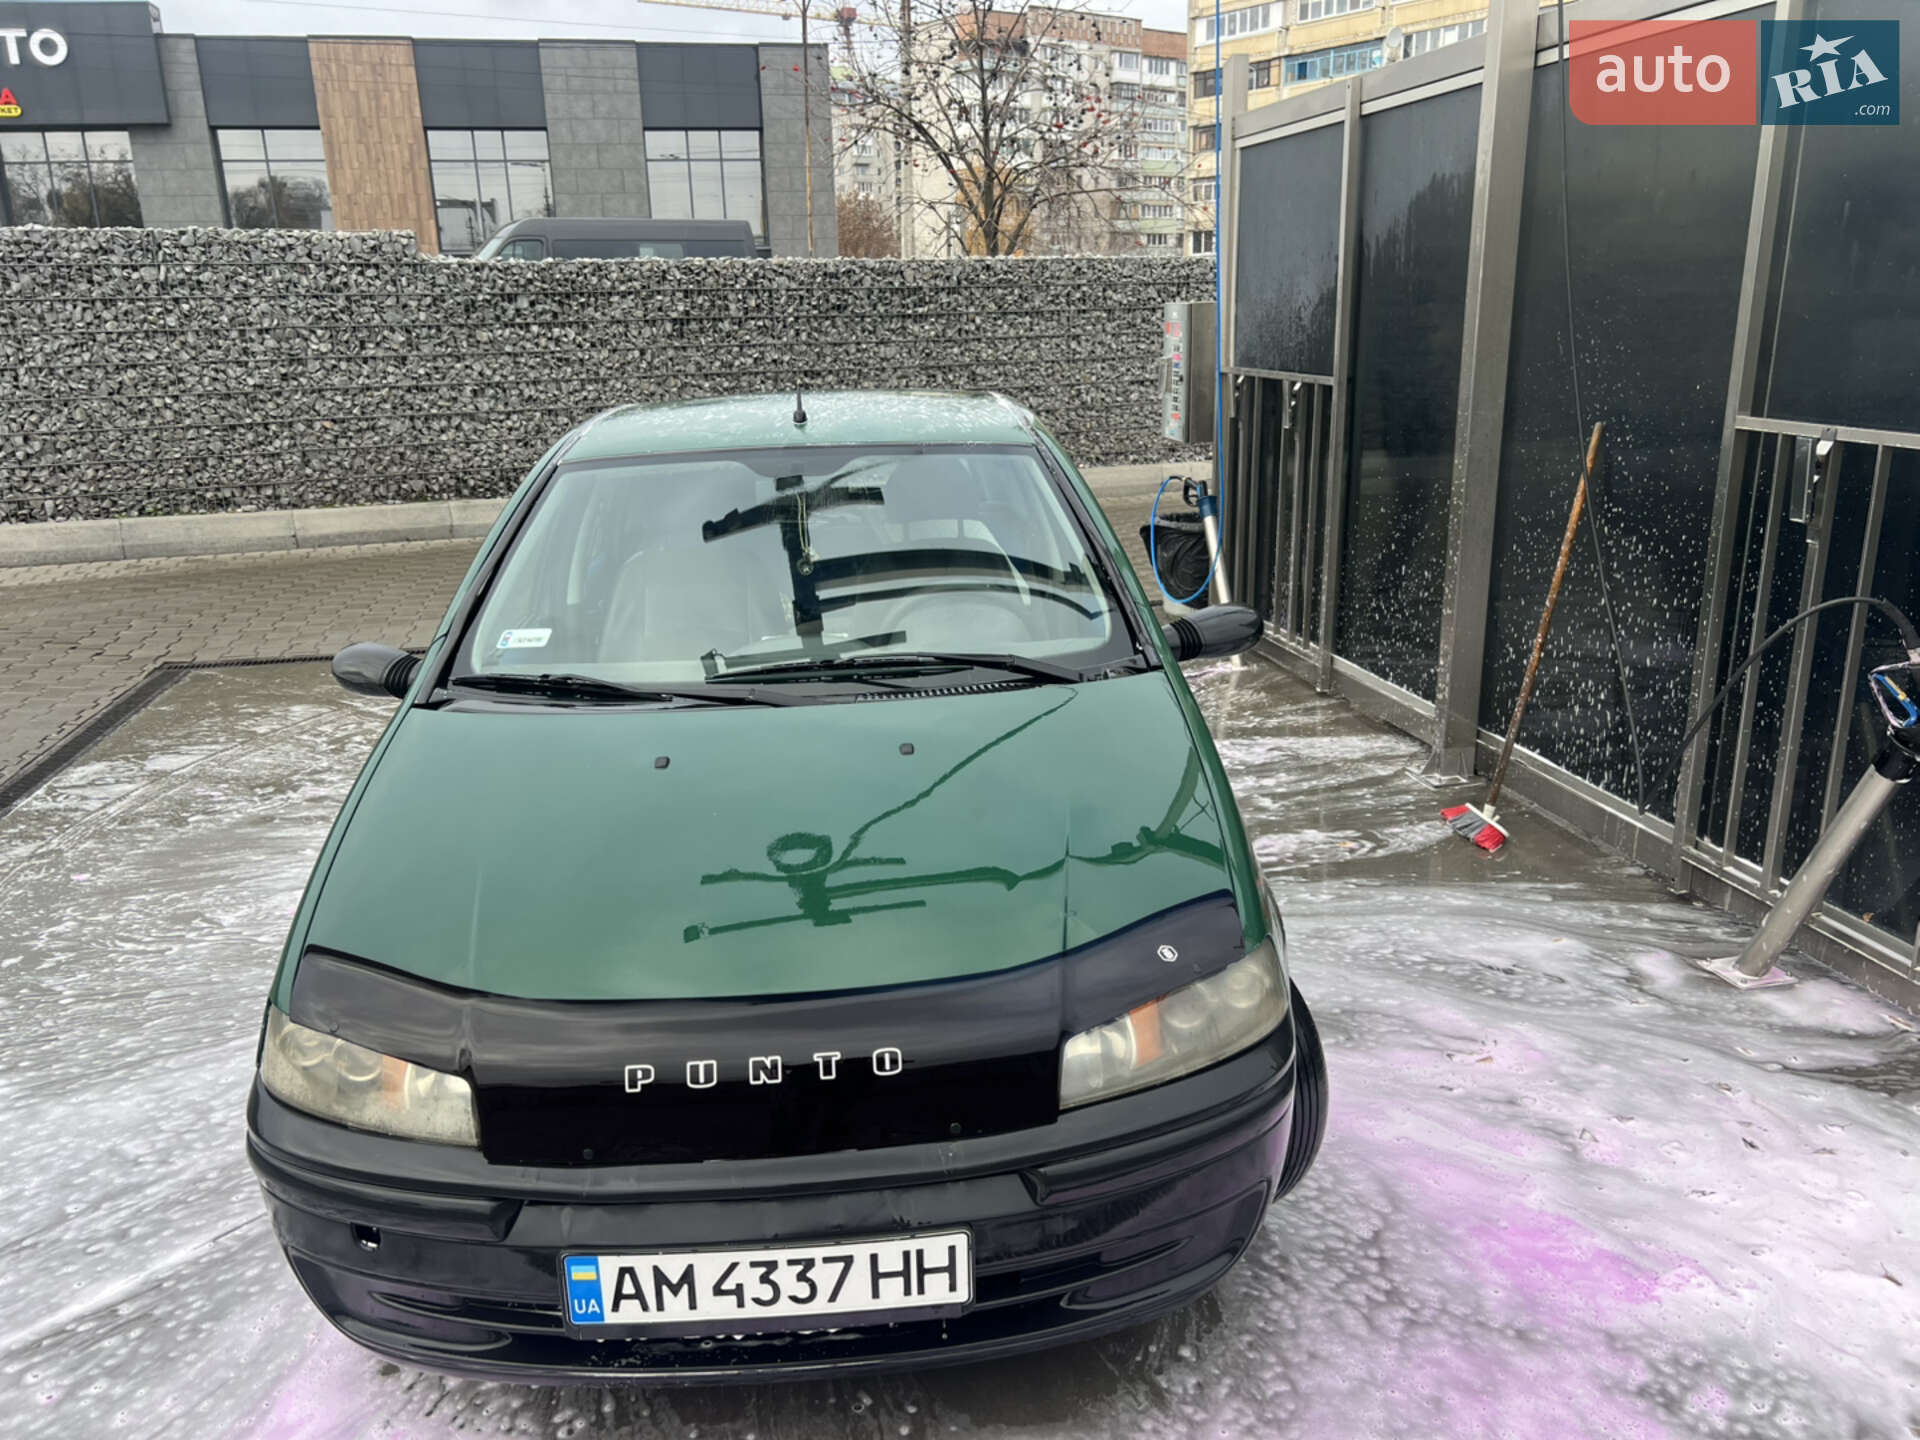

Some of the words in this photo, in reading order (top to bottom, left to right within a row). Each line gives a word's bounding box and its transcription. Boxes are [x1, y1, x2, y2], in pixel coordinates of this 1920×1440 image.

[624, 1047, 902, 1093] PUNTO
[611, 1263, 698, 1313] AM
[712, 1254, 855, 1309] 4337
[869, 1244, 958, 1300] HH
[574, 1301, 600, 1315] UA

※ ※ ※

Print every record above exactly, with no pictures.

Task result »
Some of the words in this photo, in reading order (top to bottom, left to right within a row). Each line gives a word's bounding box and its transcription. Boxes are [x1, y1, x2, y2], in pixel coordinates of this 1920×1440 image.

[624, 1047, 902, 1093] PUNTO
[611, 1263, 698, 1313] AM
[712, 1254, 855, 1309] 4337
[869, 1244, 958, 1300] HH
[574, 1301, 600, 1315] UA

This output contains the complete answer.